_PROBLEM DESCRIPTION:_ Output each entry verbatim and exclude every picture from it.

_RECORDS:_
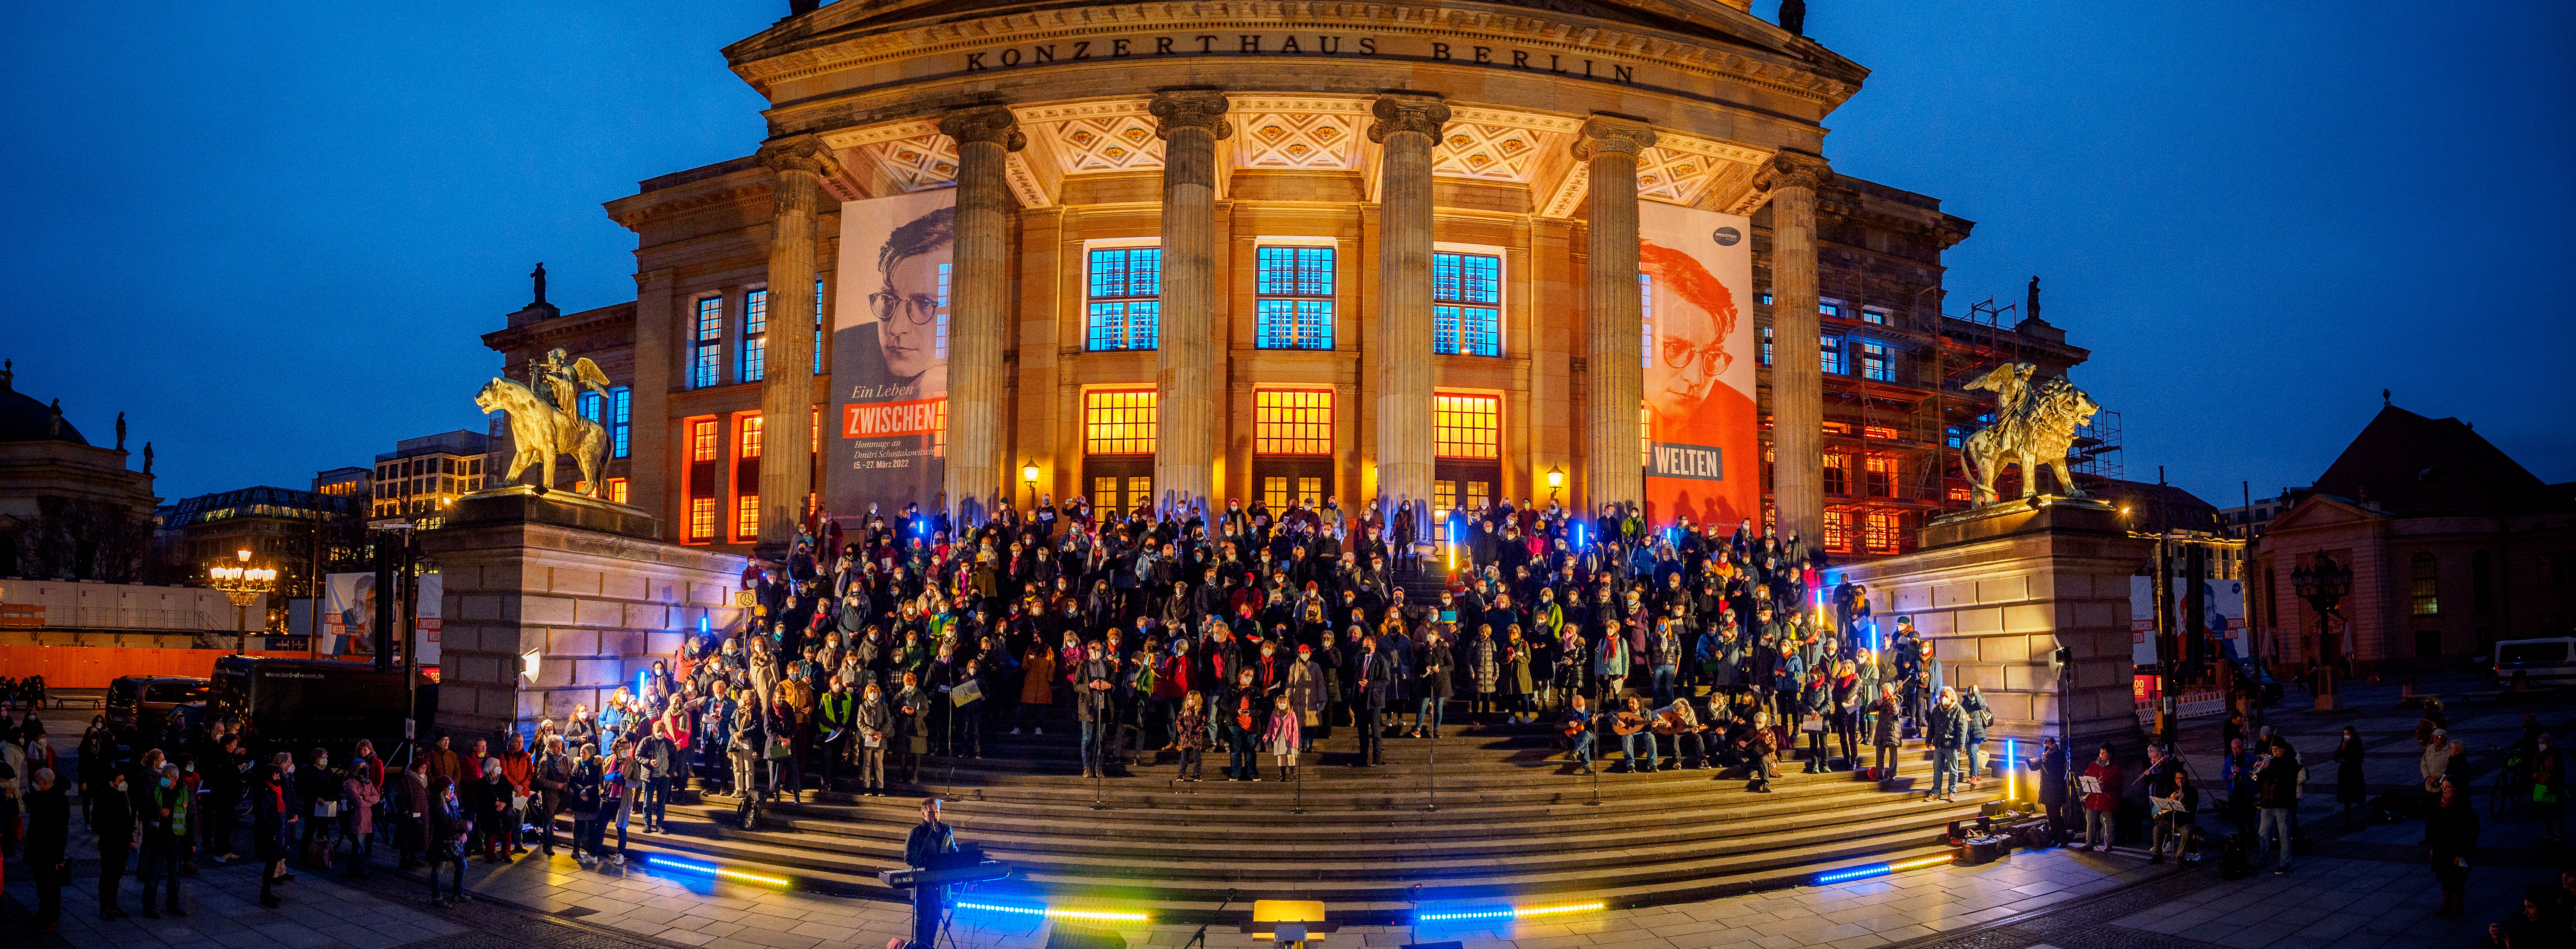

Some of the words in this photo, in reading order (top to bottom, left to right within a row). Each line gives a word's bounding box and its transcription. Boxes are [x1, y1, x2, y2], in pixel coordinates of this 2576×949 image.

[967, 35, 1377, 72] KONZERTHAUS
[1433, 42, 1634, 85] BERLIN
[851, 386, 873, 398] Ein
[876, 383, 913, 397] Leben
[850, 403, 936, 434] ZWISCHEN
[854, 441, 890, 449] Hommage
[879, 447, 934, 458] Schostakowitsch
[876, 460, 892, 469] März
[893, 460, 909, 468] 2022
[1655, 447, 1717, 477] WELTEN
[419, 619, 440, 628] ZWISCHEN
[2132, 621, 2152, 630] ZWISCHEN

_OUTPUT FOR THIS EXERCISE:_
Some of the words in this photo, in reading order (top to bottom, left to right within a row). Each line gives a word's bounding box and its transcription. Boxes are [x1, y1, x2, y2], in pixel coordinates of this 2576×949 image.

[967, 35, 1377, 72] KONZERTHAUS
[1433, 42, 1634, 85] BERLIN
[851, 386, 873, 398] Ein
[876, 383, 913, 397] Leben
[850, 403, 936, 434] ZWISCHEN
[854, 441, 890, 449] Hommage
[879, 447, 934, 458] Schostakowitsch
[876, 460, 892, 469] März
[893, 460, 909, 468] 2022
[1655, 447, 1717, 477] WELTEN
[419, 619, 440, 628] ZWISCHEN
[2132, 621, 2152, 630] ZWISCHEN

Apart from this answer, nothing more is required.